短い夢だったわね(2/4)
「あら、それには及ばないわ」
ふと声がして、ギースは振り向く。少し遠くの木立の影から、一人の女性が出てくるところだった。
(人型……それに、目が青と赤……。混血児か)
ギースは彼女の身体的特徴から、女性が魔物族ではないとすぐに分かった。
「このまま帰るのなら特別に見逃してあげようと思ってたんだけど、やっぱりだめね。本当、あなたたちって野蛮だわ」
「あんた、何を言ってるんだ?」
ギースも部下たちも訝しむ。
「その前に一体誰だ? どうしてこんなところに混血児がいる?」
「どうして、ってまだ分からないの?」
女性は鼻につく嫌な笑みを浮かべた。
「あなたたちを待ってたのよ」
「俺たちを?」
「それから、ご紹介が遅れたわね」
女性は、敬意がまるで籠もっていないお辞儀をした。
「私はエーテル王国宰相のルーシーよ。以後よろしく……って言いたいところだけど、『以後』なんて言うのはないわね、少なくともあなたたちには」
「エーテル王国の宰相だって!?」
ルーシーの意味深な発言も気にはなったが、ギースたちはそれよりも、今目の前に現れたこの女性が、予想以上の大物だったという事実に沸いていた。
「おい、こいつを倒したら大手柄じゃないか!」
「首をはねてエーテル王国の魔王城へ送りつけるんだ! きっとエーテル王国は戦意喪失するぜ!」
「いや、それよりも生け捕りの方がよくないか? 人質にすれば、きっと役に立つぞ!」
勝手なことを言いながら、ギースたちはじわじわとルーシーとの距離を詰める。しかし、ルーシーは慌てた様子もない。
「まったく、騒がしい方々ね」
それどころか、こちらを煽るような台詞まで口にする。
「それに、あなたたちは勘違いをしているようだわ。あなたたちは、これは私を捕らえるチャンスだと思っているみたいだけど、実際はその逆よ。捕まったのは、あなたたちの方だわ」
「何だと?」
「分からないかしら? つまり、あなたたちをここに誘導したのは、私ってことよ」
ルーシーが噛んで含めるように説明した。
一方のギースの部隊員たちは、思ってもみなかった言葉に、「誘導だって?」と訝しむ。
「あら、これはもう少し説明が必要かしらね」
ルーシーはわざとらしく驚いた顔をしていた。
「この辺り、逆茂木が植わっていたでしょう? だからあなたたち、中々上陸できなかったんじゃないかしら?」
「ああ、その通りだよ」
こんなに大勢の敵と対峙してもまったく怯む様子もないルーシーを見て、この女はただ者ではないと薄々感じ始めたギースが、用心深く答えた。

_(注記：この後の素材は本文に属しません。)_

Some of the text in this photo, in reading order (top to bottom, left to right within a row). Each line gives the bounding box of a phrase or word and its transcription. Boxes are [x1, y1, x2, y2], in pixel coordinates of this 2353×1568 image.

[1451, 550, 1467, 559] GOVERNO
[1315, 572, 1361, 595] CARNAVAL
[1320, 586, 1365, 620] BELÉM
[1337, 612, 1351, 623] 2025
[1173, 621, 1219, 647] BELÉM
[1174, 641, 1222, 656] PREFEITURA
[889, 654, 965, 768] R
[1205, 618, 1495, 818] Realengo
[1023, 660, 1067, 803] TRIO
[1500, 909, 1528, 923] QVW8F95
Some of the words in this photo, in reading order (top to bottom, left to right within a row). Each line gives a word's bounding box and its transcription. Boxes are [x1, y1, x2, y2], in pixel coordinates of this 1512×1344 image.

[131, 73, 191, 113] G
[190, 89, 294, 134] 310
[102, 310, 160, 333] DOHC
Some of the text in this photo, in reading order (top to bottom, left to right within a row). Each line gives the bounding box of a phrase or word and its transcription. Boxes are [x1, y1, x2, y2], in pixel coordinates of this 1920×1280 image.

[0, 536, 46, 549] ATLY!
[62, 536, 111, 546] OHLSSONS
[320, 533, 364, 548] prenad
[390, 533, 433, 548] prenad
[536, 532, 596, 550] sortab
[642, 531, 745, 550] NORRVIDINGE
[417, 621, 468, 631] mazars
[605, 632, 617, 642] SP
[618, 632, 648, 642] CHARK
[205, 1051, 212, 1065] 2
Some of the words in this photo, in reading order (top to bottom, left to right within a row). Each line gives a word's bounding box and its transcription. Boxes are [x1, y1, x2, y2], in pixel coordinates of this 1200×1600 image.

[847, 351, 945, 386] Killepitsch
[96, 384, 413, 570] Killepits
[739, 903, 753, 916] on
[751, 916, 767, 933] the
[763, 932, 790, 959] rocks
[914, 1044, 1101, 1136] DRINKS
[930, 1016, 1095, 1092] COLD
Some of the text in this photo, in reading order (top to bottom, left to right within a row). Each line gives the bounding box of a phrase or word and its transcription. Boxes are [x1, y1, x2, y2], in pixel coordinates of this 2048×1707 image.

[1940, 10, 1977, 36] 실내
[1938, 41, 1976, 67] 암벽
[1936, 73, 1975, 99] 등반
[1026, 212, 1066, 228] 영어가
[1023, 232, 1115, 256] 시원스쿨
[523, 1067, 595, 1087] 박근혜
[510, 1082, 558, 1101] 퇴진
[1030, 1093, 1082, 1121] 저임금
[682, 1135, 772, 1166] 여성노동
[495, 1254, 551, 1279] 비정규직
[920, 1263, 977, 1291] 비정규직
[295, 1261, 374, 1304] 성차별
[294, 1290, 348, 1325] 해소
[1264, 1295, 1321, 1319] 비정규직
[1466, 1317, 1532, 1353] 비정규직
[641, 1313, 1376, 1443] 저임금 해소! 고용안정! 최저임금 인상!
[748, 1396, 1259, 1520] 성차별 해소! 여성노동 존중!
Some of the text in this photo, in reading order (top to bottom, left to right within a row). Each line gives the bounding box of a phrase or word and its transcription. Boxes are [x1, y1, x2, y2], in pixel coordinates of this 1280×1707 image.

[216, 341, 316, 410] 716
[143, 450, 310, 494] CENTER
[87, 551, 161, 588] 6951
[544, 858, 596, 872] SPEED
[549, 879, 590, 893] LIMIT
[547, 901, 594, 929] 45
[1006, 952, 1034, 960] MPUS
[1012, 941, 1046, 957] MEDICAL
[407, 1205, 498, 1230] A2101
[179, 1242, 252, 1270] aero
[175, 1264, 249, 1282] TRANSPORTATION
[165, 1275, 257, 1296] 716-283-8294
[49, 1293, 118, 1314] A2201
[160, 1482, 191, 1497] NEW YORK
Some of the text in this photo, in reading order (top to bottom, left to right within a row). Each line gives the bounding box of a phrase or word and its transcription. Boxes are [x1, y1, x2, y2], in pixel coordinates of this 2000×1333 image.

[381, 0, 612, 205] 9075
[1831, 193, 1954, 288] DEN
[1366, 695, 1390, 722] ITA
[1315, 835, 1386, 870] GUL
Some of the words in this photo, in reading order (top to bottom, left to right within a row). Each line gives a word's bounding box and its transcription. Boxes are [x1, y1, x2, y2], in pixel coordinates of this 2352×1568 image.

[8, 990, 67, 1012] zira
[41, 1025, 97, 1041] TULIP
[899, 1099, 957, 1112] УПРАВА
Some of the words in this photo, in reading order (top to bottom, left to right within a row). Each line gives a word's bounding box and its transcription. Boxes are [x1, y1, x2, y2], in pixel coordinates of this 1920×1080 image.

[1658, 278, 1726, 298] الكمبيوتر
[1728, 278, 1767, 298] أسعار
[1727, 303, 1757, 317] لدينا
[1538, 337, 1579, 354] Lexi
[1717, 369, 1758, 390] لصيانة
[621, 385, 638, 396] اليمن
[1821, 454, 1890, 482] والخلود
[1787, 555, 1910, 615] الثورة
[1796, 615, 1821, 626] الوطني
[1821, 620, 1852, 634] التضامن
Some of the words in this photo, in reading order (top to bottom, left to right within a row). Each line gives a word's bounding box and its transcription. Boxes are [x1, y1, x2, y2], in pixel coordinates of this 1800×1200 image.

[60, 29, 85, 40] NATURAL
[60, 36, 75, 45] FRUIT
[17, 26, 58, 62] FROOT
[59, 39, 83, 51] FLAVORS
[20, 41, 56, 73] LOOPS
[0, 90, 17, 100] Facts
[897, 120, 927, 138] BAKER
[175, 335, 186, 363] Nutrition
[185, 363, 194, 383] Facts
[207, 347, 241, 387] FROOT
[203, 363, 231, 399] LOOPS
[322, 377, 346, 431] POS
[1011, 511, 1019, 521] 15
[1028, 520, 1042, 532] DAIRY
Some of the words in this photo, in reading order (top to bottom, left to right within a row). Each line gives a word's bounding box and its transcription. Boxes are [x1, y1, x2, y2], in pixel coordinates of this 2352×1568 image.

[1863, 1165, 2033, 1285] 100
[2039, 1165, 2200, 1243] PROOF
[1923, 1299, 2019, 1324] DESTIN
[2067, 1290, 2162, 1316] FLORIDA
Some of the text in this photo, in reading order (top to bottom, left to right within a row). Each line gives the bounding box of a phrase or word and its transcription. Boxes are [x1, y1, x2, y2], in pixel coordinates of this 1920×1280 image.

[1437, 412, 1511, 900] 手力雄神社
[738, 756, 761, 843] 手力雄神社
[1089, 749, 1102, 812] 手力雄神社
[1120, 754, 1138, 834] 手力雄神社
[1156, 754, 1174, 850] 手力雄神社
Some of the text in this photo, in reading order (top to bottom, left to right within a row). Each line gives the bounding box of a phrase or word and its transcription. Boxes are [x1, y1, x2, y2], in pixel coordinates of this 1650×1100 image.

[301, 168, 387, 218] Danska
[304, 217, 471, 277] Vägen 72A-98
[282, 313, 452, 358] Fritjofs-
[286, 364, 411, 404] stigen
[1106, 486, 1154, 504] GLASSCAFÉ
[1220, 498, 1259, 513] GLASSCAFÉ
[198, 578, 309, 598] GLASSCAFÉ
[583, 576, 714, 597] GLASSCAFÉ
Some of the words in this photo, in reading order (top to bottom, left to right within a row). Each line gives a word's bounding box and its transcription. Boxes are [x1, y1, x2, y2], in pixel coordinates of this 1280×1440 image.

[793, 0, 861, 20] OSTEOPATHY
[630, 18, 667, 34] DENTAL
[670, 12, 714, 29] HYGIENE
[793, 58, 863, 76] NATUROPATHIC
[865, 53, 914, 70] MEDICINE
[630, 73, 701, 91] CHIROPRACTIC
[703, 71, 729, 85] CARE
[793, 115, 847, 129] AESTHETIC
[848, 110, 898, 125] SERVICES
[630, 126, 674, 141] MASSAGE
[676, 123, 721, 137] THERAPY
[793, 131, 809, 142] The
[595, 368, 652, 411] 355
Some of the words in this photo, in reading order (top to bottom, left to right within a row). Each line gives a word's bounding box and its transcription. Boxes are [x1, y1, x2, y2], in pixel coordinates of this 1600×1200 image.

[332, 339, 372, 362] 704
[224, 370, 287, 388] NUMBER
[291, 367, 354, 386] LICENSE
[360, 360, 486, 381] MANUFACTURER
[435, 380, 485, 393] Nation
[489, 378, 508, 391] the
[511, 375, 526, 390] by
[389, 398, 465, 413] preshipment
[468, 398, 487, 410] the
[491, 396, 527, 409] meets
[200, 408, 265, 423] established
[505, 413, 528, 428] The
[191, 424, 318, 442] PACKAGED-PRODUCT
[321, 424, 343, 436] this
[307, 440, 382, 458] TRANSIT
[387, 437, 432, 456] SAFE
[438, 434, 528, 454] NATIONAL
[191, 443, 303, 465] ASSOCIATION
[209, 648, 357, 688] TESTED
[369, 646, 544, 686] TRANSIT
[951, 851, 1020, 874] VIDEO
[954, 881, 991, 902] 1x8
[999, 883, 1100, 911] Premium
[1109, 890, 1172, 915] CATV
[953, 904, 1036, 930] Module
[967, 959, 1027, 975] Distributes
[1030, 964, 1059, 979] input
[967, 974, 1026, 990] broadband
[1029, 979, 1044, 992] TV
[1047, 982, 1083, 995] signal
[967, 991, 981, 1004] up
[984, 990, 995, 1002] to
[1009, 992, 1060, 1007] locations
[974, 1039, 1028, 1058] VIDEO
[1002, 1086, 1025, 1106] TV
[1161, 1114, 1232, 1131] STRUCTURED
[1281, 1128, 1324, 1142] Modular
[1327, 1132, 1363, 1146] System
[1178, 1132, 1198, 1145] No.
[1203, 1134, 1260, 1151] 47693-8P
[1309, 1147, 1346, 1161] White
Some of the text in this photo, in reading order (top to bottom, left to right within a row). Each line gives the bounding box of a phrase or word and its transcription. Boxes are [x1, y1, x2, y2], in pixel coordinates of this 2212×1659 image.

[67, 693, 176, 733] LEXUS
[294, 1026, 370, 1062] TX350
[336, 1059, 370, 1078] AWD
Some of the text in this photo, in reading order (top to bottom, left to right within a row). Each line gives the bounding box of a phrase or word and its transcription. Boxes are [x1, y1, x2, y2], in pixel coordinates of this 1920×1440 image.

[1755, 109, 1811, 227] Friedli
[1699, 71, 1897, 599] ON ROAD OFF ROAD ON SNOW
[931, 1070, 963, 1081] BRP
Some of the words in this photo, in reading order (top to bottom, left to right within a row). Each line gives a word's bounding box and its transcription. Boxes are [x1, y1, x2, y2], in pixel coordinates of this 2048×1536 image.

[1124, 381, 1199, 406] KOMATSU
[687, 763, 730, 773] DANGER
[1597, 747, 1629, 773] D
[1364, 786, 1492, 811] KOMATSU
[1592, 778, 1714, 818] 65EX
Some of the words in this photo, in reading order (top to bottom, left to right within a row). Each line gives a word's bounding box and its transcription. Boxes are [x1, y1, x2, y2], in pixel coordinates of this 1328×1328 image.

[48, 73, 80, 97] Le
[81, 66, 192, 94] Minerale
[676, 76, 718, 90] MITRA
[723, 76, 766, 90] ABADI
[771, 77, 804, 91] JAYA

「タロス王国軍が侵攻してくるのに気が付いて設置したんだろう? だが、宰相さん、あんんた、ちょっと抜けてたみたいだな。お前たちが逆茂木を設置し忘れた箇所から、俺たちがこうして入って来られたんだからよ」
「それね、わざとよ」
ルーシーの目が一瞬、罠にかかった獲物を見つめる肉食獣のように光る。